Entre muitas manifestações que denunciam esta imposição do capital e apontam caminhos para sua superação segue uma "conclamação" aprovada no Fórum Social Mundial de 2009, realizado em Belém do Pará. Este documento recebe assinatura de signatários em:
http://bienscommuns.org/signature/appel/index.php?a=appel
http://bienscommuns.org/signature/appel/index.php?a=appel
Conclamação Para a recuperação dos bens comuns
A privatização e a mercantilização dos elementos vitais para a humanidade e o planeta são mais fortes do que nunca. Seguindo-se à exploração dos recursos naturais e do trabalho humano, esse processo se acelera e estende-se aos conhecimentos, às culturas, à educação, às comunicações, à vida, ao patrimônio genético e às suas modificações. O bem-estar de todos e a preservação da Terra são sacrificadas ao lucro imediato de poucos.
As conseqüências deste processo são nefastas. Elas são visíveis e conhecidas de todos: sofrimento e morte daqueles que são negligenciados pela pesquisa orientada a fins comerciais, e que não podem ter acesso aos tratamentos patentados; destruição do meio-ambiente e da biodiversidade; aquecimento global; dependência alimentar dos países pobres; empobrecimento da diversidade cultural; limitações de acesso ao conhecimento e à educação pelo sistema estabelecido de propriedade intelectual; impacto nefasto da cultura consumista.

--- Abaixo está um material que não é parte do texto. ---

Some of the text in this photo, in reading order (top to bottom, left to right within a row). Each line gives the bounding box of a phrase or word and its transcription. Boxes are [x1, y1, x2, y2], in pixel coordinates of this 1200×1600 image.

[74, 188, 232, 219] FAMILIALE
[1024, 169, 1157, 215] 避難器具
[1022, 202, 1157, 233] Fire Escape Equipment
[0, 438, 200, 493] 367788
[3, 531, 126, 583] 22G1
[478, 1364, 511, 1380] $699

O Fórum Social Mundial de 2009, em Belém do Pará, no Brasil, desenvolve-se no momento em que a globalização capitalista, dominada pelas finanças fora de qualquer controle público, fracassa espetacularmente. Mas também no momento em que emerge uma tomada de consciência de que há certos bens – e a natureza inclui-se entre eles – que são de uso comum a todos os seres humanos, e não podem ser de forma alguma privatizados ou considerados como mercadorias.

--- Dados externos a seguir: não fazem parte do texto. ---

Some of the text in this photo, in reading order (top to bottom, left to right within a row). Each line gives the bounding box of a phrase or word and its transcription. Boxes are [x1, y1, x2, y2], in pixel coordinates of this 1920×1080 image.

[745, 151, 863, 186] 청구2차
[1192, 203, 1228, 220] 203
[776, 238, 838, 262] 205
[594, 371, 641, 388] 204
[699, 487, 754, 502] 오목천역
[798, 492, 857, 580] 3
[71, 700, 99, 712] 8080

Esta tomada de consciência se apóia em uma visão de sociedade que coloca o respeito aos direitos humanos, a participação democrática e a colaboração no coração destes valores. As iniciativas alternativas estão se desenvolvendo em numerosos domínios para defender a água e os rios, a terra, as sementes, a biodiversidade, o conhecimento, as ciências e os saberes ancestrais, as florestas, os mares, o vento, a moeda, a comunicação e a criação de redes, a cultura, a música e outras artes, as tecnologias abertas e os softwares livres, os serviços públicos de educação, saúde, saneamento e previdência.
Os signatários do presente manifesto, lançado no Fórum Social Mundial de 2009, chamam todos os cidadãos do mundo e suas organizações a se engajarem na ação pela recuperação e criação de bens comuns da humanidade e do planeta para que sua gestão seja assumida de forma participativa e colaborativa pelas pessoas e comunidades concernidas, e à escala da humanidade na perspectiva de um mundo sustentável.
Os signatários chamam os cidadãos de todo o mundo e suas organizações para aprofundarem a noção de bens comuns e compartilharem suas abordagens e experiências no esforço de desprivatização e desmercantilização dos bens comuns da humanidade e do planeta para articularem as lutas de suas próprias organizações, reforçando mutuamente suas campanhas e iniciativas.